Exercise brief
Your answer must be the full set of records, copied exactly, with no pictures in it.

Data for this exercise
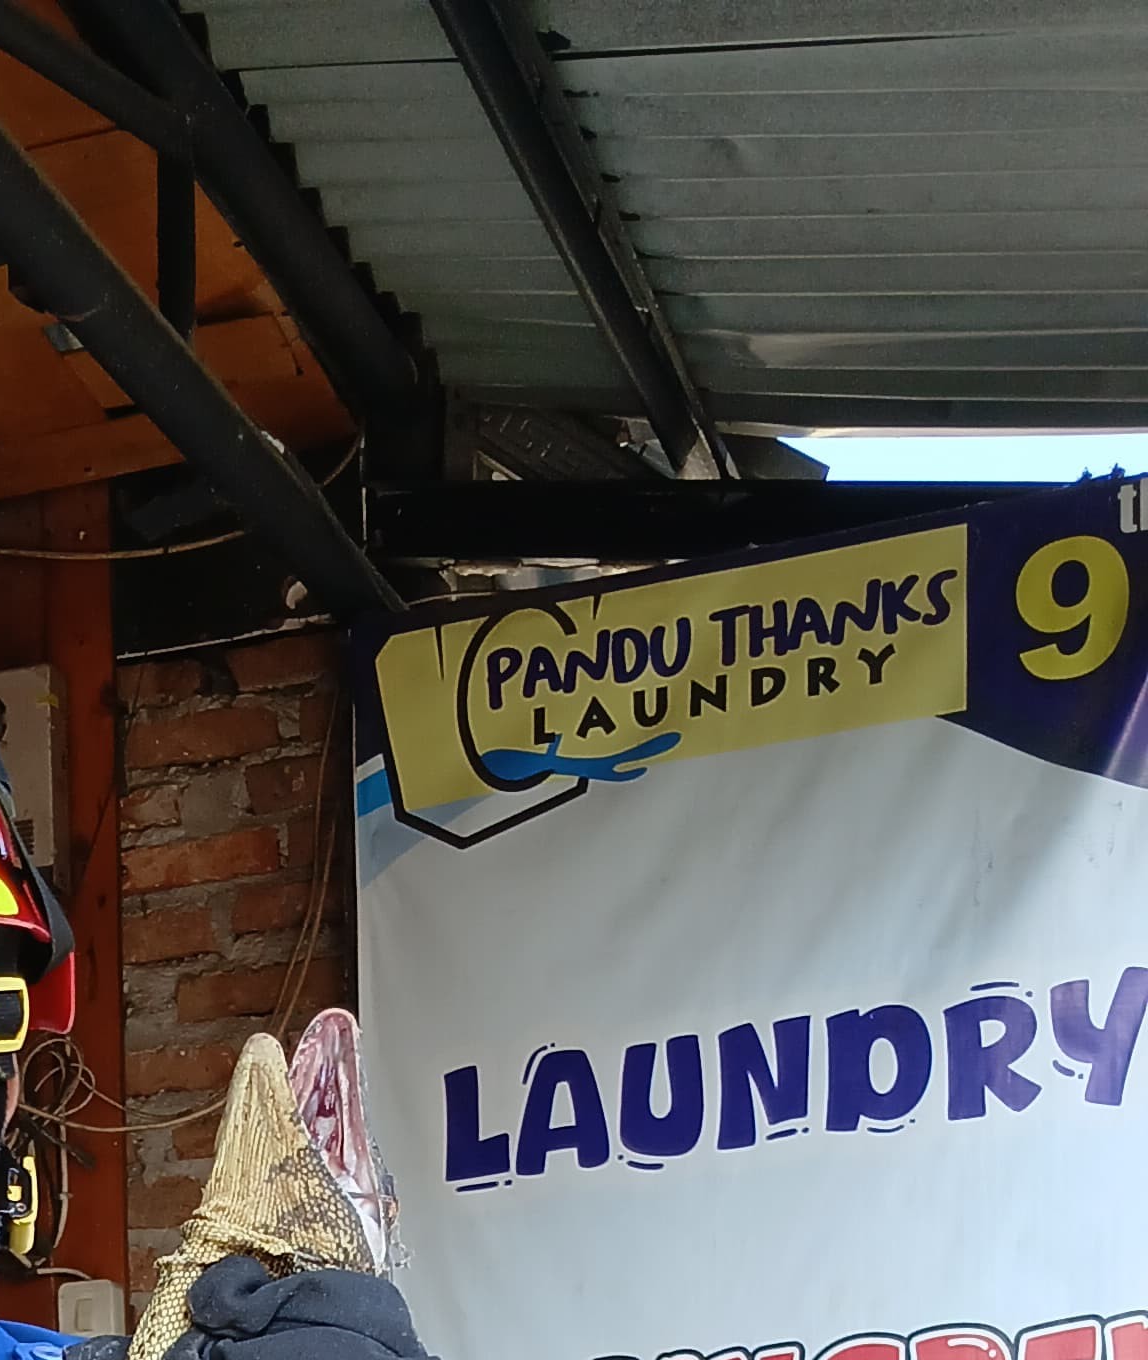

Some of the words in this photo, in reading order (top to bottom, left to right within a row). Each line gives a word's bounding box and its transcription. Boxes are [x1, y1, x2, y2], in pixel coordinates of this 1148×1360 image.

[485, 617, 692, 710] PANDU
[708, 569, 958, 666] THANKS
[532, 643, 897, 745] LAUNDRY
[442, 966, 1148, 1193] LAUNDRY
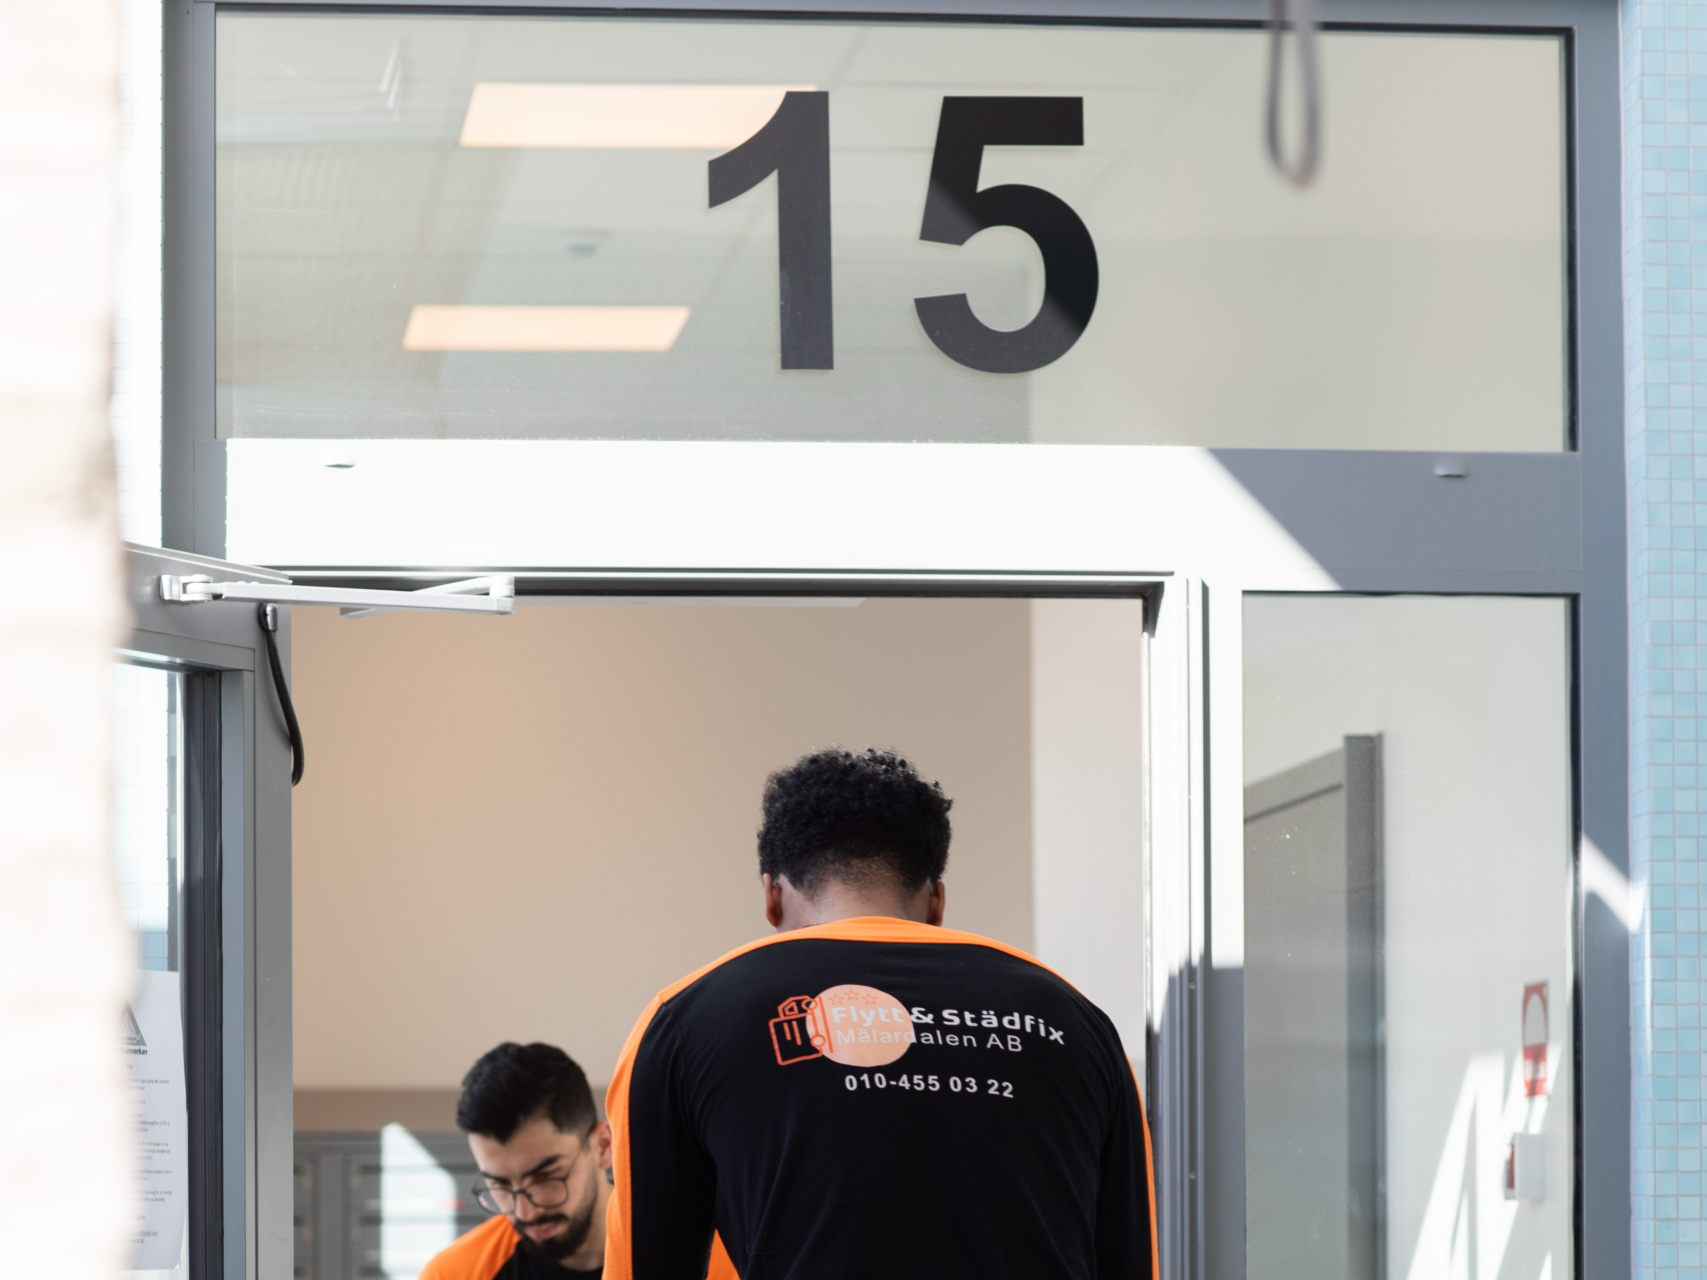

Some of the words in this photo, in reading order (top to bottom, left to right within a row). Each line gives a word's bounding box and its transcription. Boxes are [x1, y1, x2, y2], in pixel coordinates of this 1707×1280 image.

[708, 90, 1099, 374] 15
[831, 1005, 905, 1027] Flytt
[910, 1007, 934, 1024] &
[941, 1009, 1064, 1045] Städfix
[835, 1027, 977, 1047] Mälardalen
[986, 1033, 1022, 1052] AB
[845, 1073, 940, 1091] 010-455
[949, 1076, 978, 1093] 03
[987, 1079, 1014, 1098] 22

Solution to this exercise
Some of the words in this photo, in reading order (top to bottom, left to right within a row). Each line gives a word's bounding box and its transcription. Boxes are [x1, y1, x2, y2], in pixel coordinates of this 1148×1360 image.

[485, 617, 692, 710] PANDU
[708, 569, 958, 666] THANKS
[532, 643, 897, 745] LAUNDRY
[442, 966, 1148, 1193] LAUNDRY

Some of the words in this photo, in reading order (top to bottom, left to right within a row). Each line gives a word's bounding box and its transcription. Boxes are [x1, y1, x2, y2], in pixel coordinates of this 1707×1280 image.

[708, 90, 1099, 374] 15
[831, 1005, 905, 1027] Flytt
[910, 1007, 934, 1024] &
[941, 1009, 1064, 1045] Städfix
[835, 1027, 977, 1047] Mälardalen
[986, 1033, 1022, 1052] AB
[845, 1073, 940, 1091] 010-455
[949, 1076, 978, 1093] 03
[987, 1079, 1014, 1098] 22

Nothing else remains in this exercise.